Die österreichische Maut wird auf Basis eines Transponder-Systems (Kommunikation über DSRC, Dedicated Short Range Communication, nach CEN TC278) abgerechnet. Hinter die Windschutzscheibe jedes LKW oder Autobus muss eine so genannte Go-Box installiert werden. Diese kommuniziert mit entsprechenden Gegenstellen entlang der Autobahnen. Sind die Scheiben des Fahrzeuges jedoch (zwecks Wärmedämmung) metallbeschichtet, wie es laut der erzürnten Efkon bei etwa jedem fünften LKW der Fall ist, funktionieren die Funkverbindungen nicht hinreichend. "Die Ausschreibung des Mautsystems sah seinerzeit ausdrücklich eine Nichtdiskriminierung vor und wäre somit ungültig und zu Wiederholen", meint Efkon. Immerhin würden 80 Prozent diskriminiert, wenn 20 Prozent der LKW gratis fahren könnten.

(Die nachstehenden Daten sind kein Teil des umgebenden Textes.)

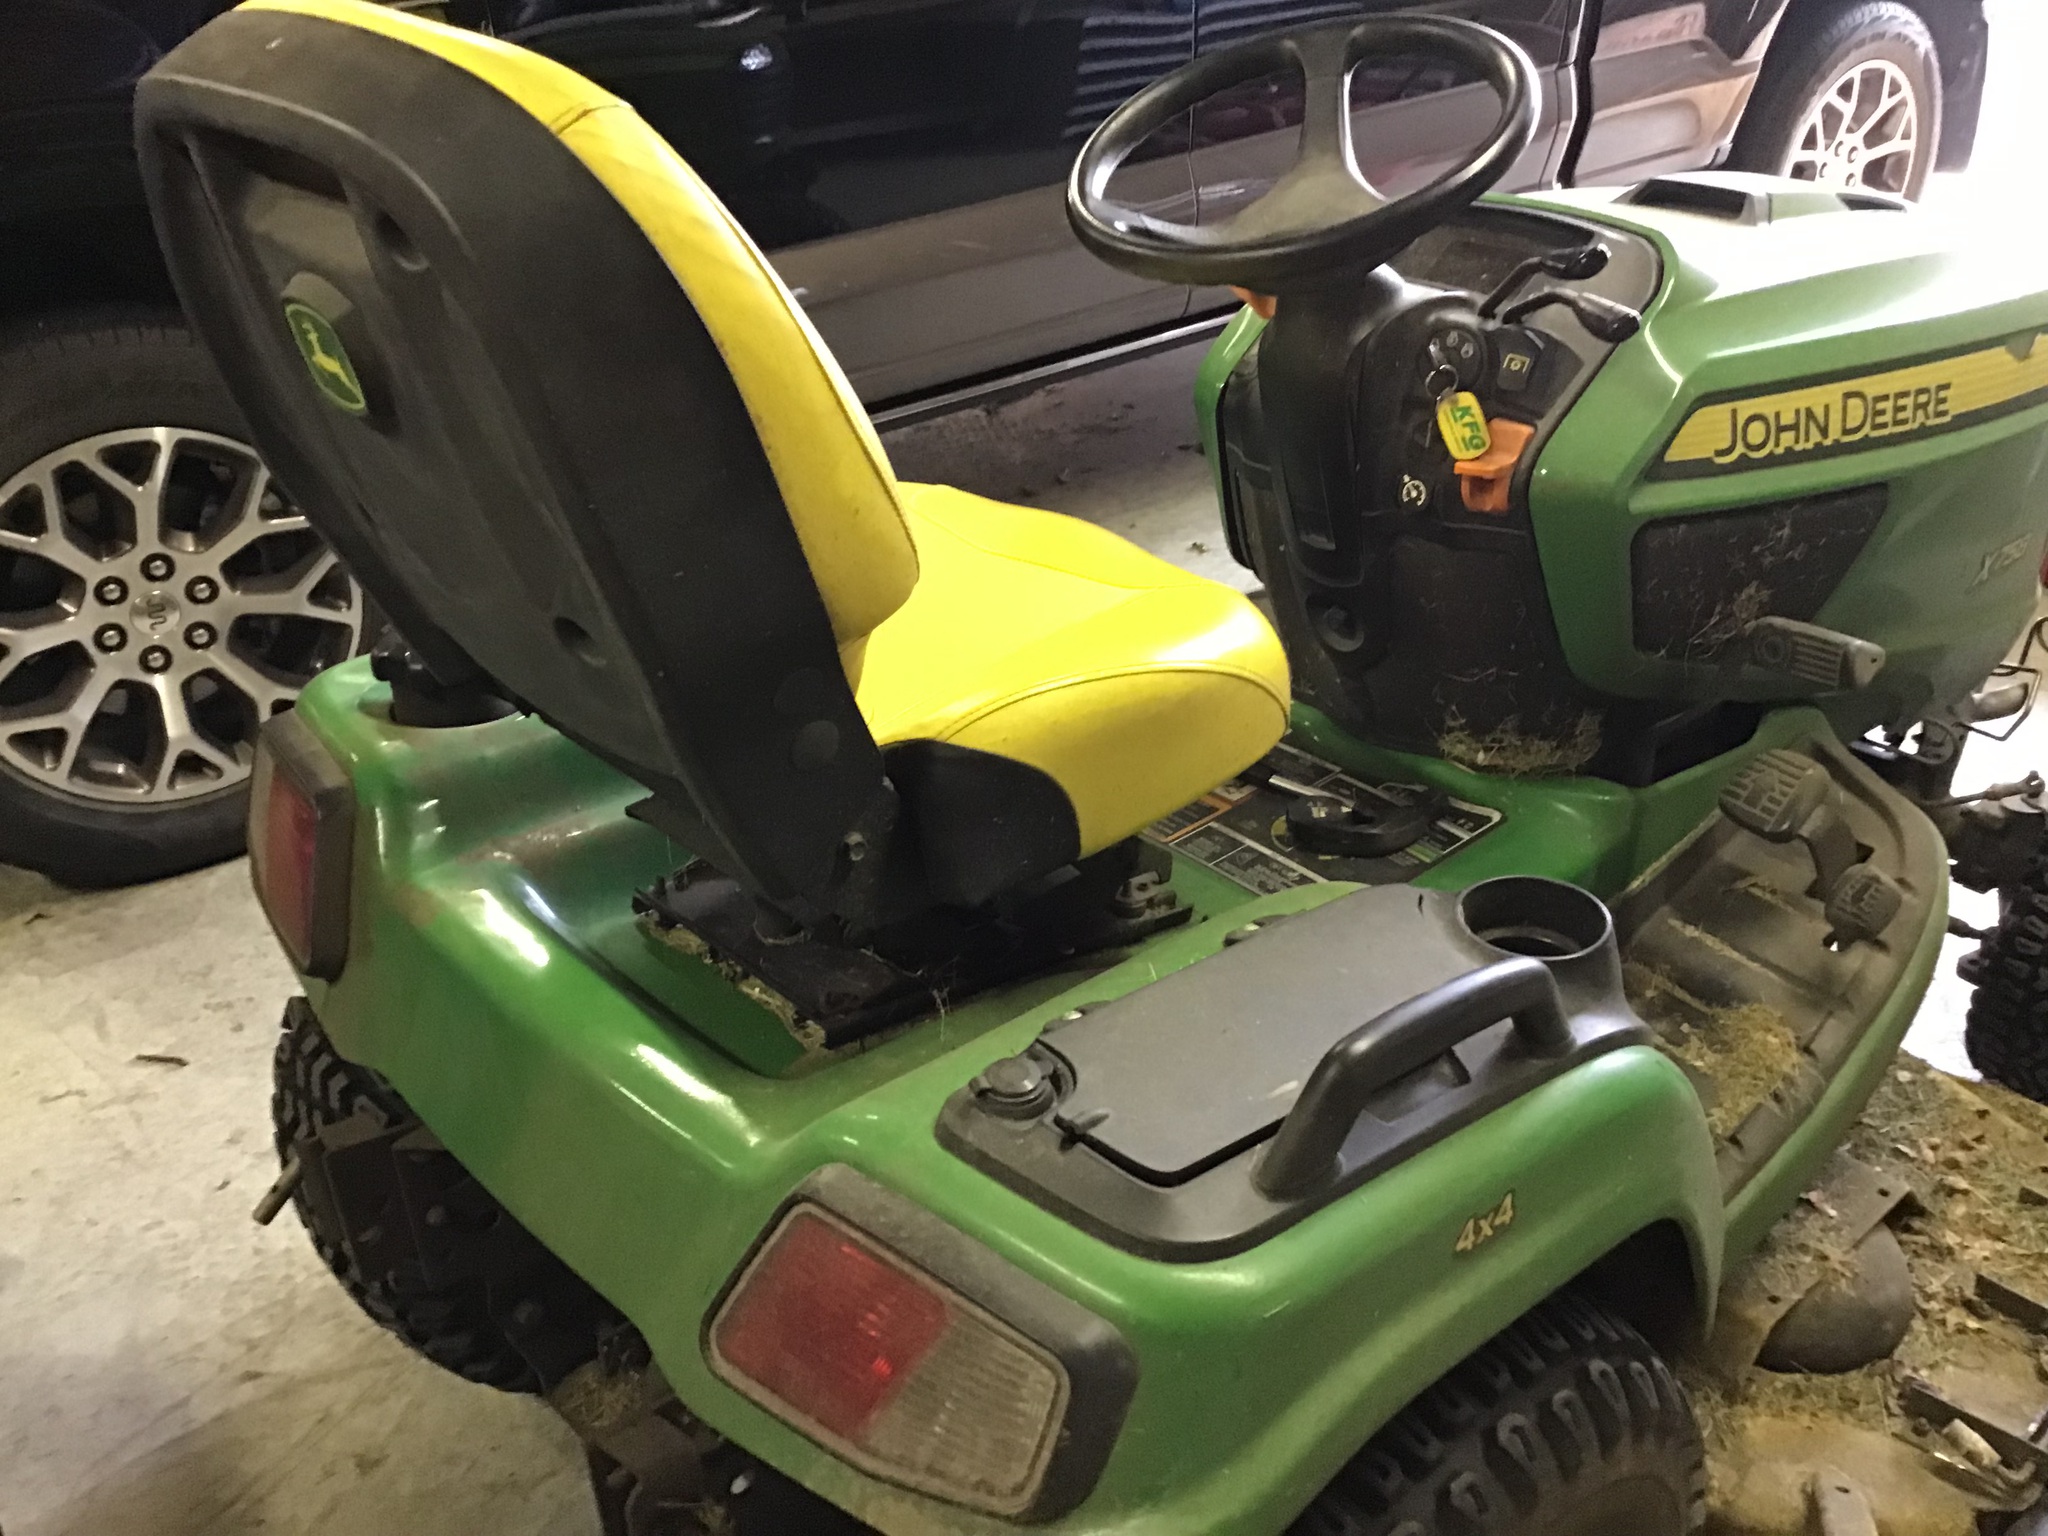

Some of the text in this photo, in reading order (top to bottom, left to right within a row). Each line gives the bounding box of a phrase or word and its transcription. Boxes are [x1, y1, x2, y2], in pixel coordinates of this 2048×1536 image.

Europpass hat die Probleme eingestanden, will sie aber mit "Split-Go-Boxen" lösen. Bei diesen wird der Sender außen am KFZ befestigt. Laut Efkon hat "noch niemand diese ominösen Boxen gesehen". Bei der Hotline des Mautsystems werden besorgte Anrufer dahingehend informiert, dass "noch nicht alle Vertriebsstellen" die Split-Go-Box erhalten hätten, diese aber "sehr bald" beliefert würden. Die Verbindung zwischen Innenraum und externem Sender werde durch "ein dünnes Kabel" hergestellt, welches "durch jede Dichtung" geführt werden könne. Als Alternative wird das Bohren von (abzudichtenden) Löchern in die Karosserie angeboten.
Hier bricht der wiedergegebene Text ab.